Essas palavras, ditas assim, sem levar em conta quem as diz e por que as diz, podem até chocar. Será que eu posso dizer isso a um pai ou a uma mãe de família que se gastam dia e noite para sustentar os filhos? Não posso, não!
Então, como entender este salmo?
O Salmo 127 tem duas partes. A primeira (versículos 1 e 2) fala da construção da casa e da defesa da cidade, e ainda diz que não adianta levantar cedo e deitar tarde, se é só para comer o pão sofrido do trabalho. A segunda parte (versículos 3 e 4) fala dos filhos e da vida em família. O que uma coisa tem a ver com a outra?
"Se Javé não constrói a casa, em vão trabalham os seus construtores. Se Javé não guarda a cidade, em vão vigiam os guardas." Quando aqui se fala em construção de casa, não é só a construção das paredes. Na bíblia, casa significa também a família, a grande família, o clã, a comunidade, e cidade, não só as muralhas, mas também o povo que nela mora. "Construir a casa" não é só trabalho do pedreiro. É também garantir o futuro da família, da comunidade.
"Vigiar a cidade" não é só trabalho do guarda que passa a noite acordado. É também preocupar-se com o futuro do povo que mora na cidade. O que o salmo quer dizer é o seguinte: não adiante você se matar trabalhando, sem pensar no seu futuro. Não é ganhando muito dinheiro que você garante o futuro da sua família, do seu povo, mas sim tendo gente que, depois de você, continua o trabalho que você começou.
Com efeito, no antigo Israel, o clã, a grande família, a comunidade, era a base da convivência social. Era a proteção das famílias e das pessoas, a garantia da posse da terra, o veículo principal da fé e da tradição, a defesa da identidade do povo. Era a maneira concreta de o povo daquela época encarnar o amor a Deus no amor ao próximo.
Defender o clã, a comunidade, era o mesmo que defender a Aliança do povo com Deus.

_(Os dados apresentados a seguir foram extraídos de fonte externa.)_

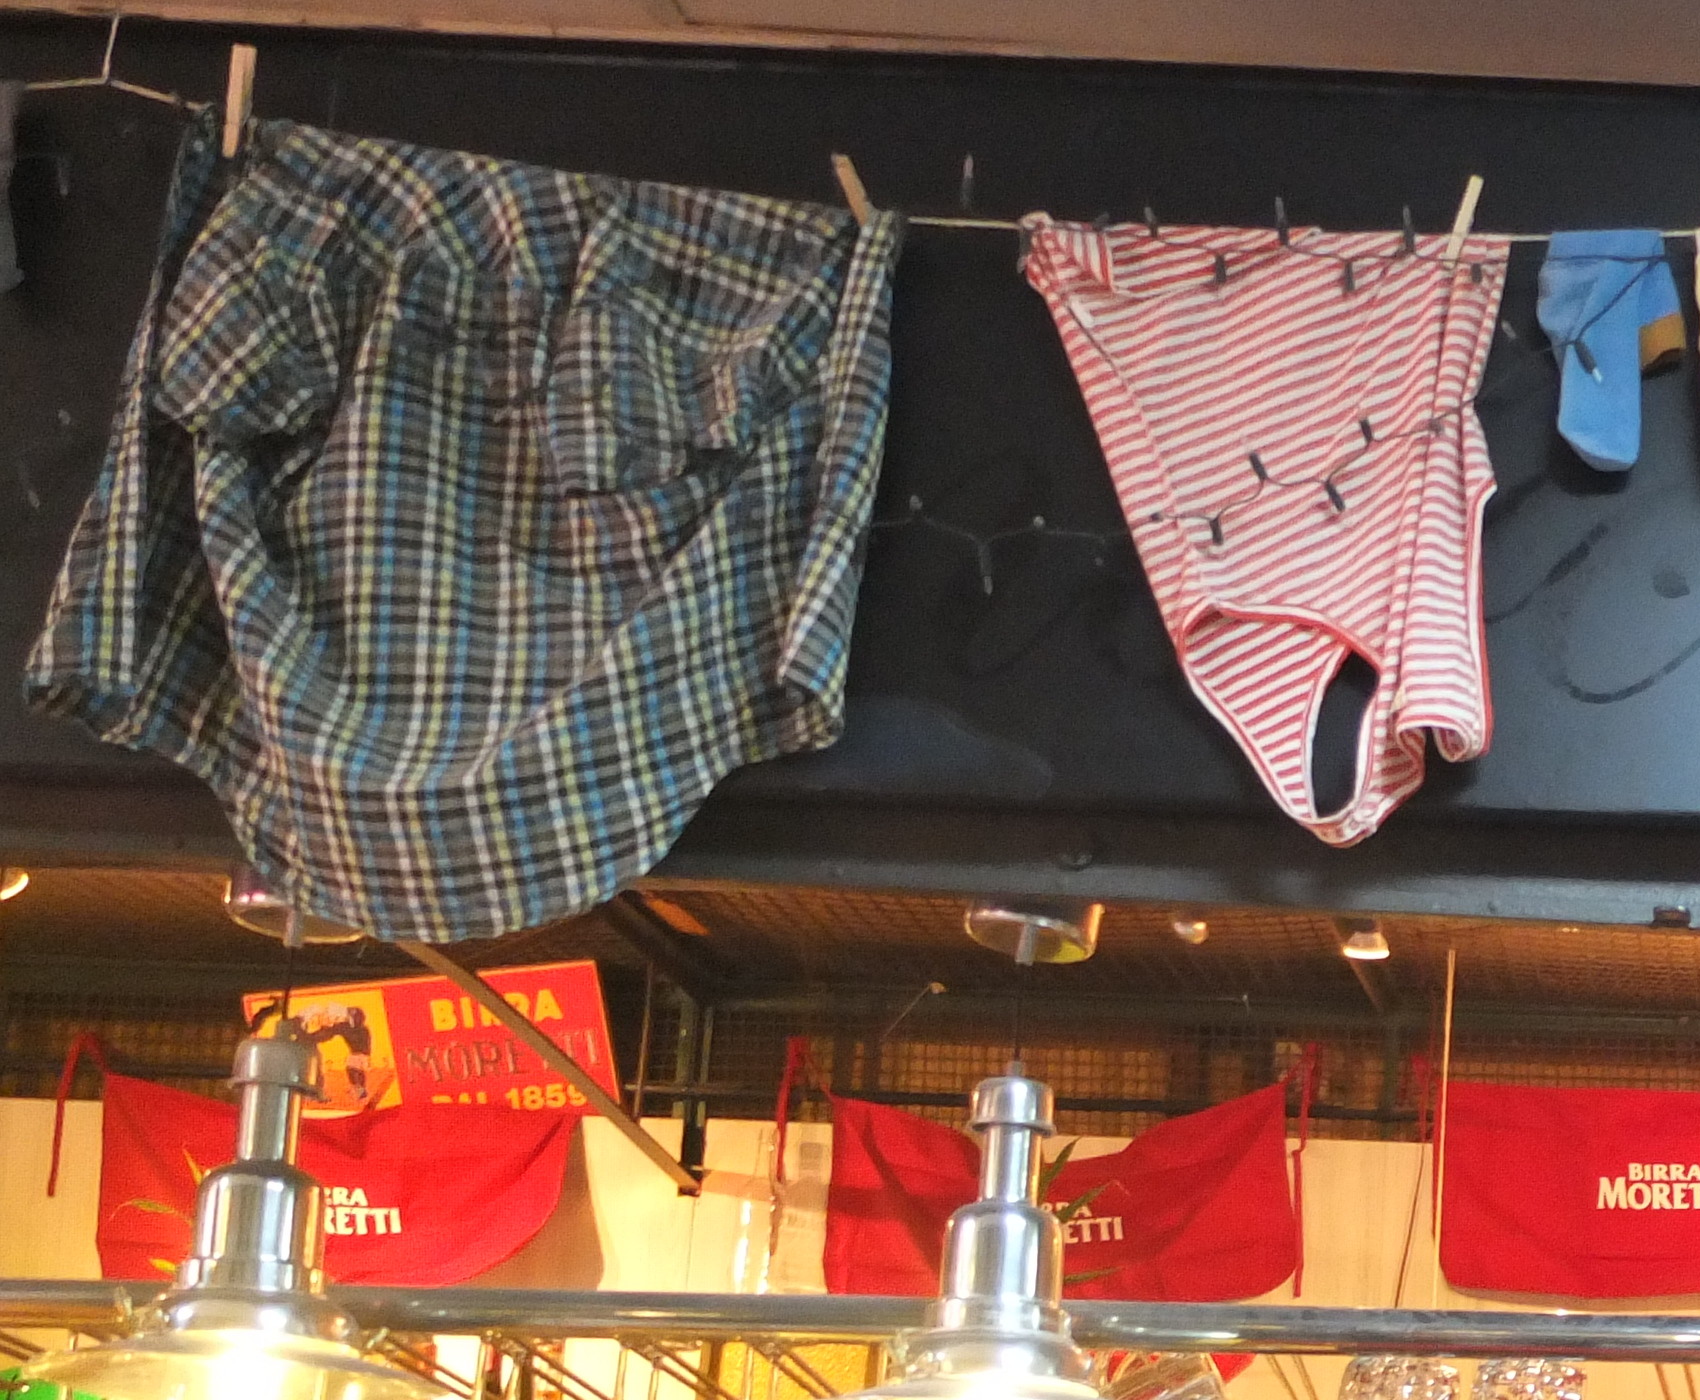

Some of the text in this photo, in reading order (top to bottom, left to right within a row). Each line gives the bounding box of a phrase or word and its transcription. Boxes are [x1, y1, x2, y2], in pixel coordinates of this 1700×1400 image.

[407, 1027, 600, 1084] MORETI
[324, 1207, 402, 1235] RETTI
[1063, 1216, 1123, 1244] ETTI

Onde havia essa comunidade, não havia necessidade de as pessoas levantarem de madrugada e atrasar a hora de deitar. A Providência divina passava pela organização fraterna. Ali, o amor a Javé construía a casa e guardava a cidade.
Por isso, na segunda parte, o salmo se preocupa com os filhos. "A herança que Javé concede são os filhos, seu salário é o fruto do ventre...". Quando os pais transmitem para os filhos o ideal de vida que eles mesmos receberam dos antepassados, eles criam e fortalecem o clã, a grande família. Os filhos, assim formados, formam a comunidade.

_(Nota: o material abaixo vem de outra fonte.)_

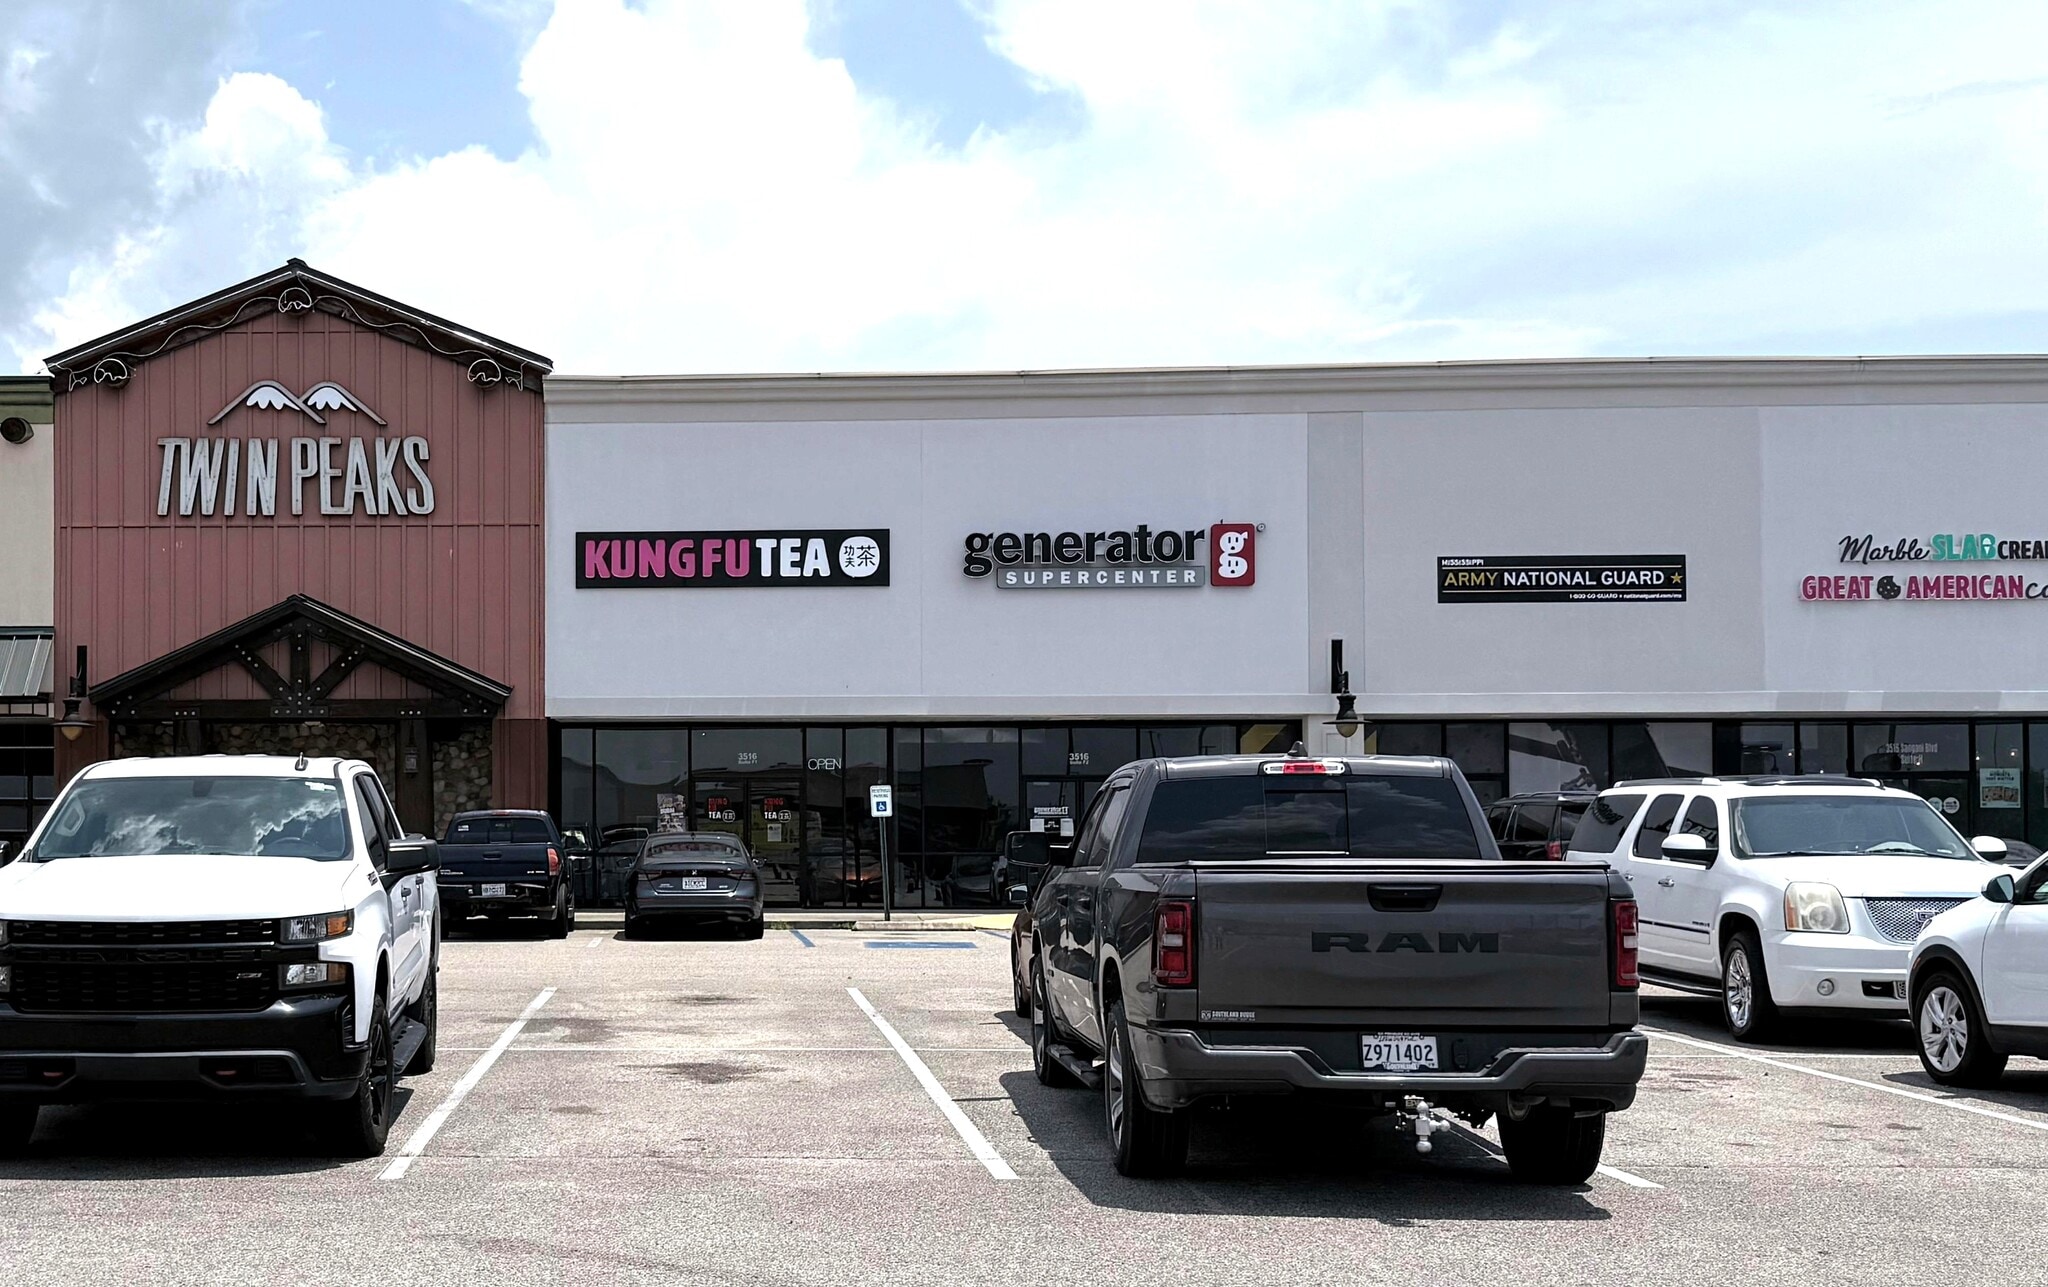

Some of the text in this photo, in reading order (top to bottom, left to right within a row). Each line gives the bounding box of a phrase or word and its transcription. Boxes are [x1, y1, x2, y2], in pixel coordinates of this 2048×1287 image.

[157, 435, 435, 516] TWIN PEAKS
[584, 536, 831, 578] KUNG FU TEA
[963, 524, 1205, 578] generator
[1838, 534, 1931, 565] Marble
[1930, 533, 1996, 561] SLAB
[1441, 559, 1484, 567] MISSISSIPPI
[1005, 570, 1197, 584] SUPERCENTER
[1444, 570, 1665, 586] ARMY NATIONAL GUARD
[1801, 575, 1874, 600] GREAT
[1905, 574, 2024, 600] AMERICAN
[738, 752, 758, 760] 3516
[807, 758, 842, 770] OPEN
[1069, 752, 1090, 761] 3516
[708, 811, 722, 819] TEA
[763, 811, 777, 819] TEA
[1311, 931, 1500, 953] RAM
[1363, 1043, 1434, 1062] Z971402

Quem vive numa comunidade assim, bem organizada, já não se preocupa com a própria defesa! Pode dizer, de verdade: "Javé constrói a nossa casa! Javé guarda a nossa cidade! Se Javé não constrói a casa, em vão trabalham os seus construtores. Se Javé não guarda a cidade, em vão vigiam os guardas. Não tem sentido levantar de madrugada e se atrasar para deitar, se é só para comer o pão sofrido do trabalho! Aos seus amigos, Deus o dá até enquanto dormem!".
O ideal de sociedade que transparece no Salmo 127 é bem mais humano e bem mais solidário que a sociedade em que vivemos hoje.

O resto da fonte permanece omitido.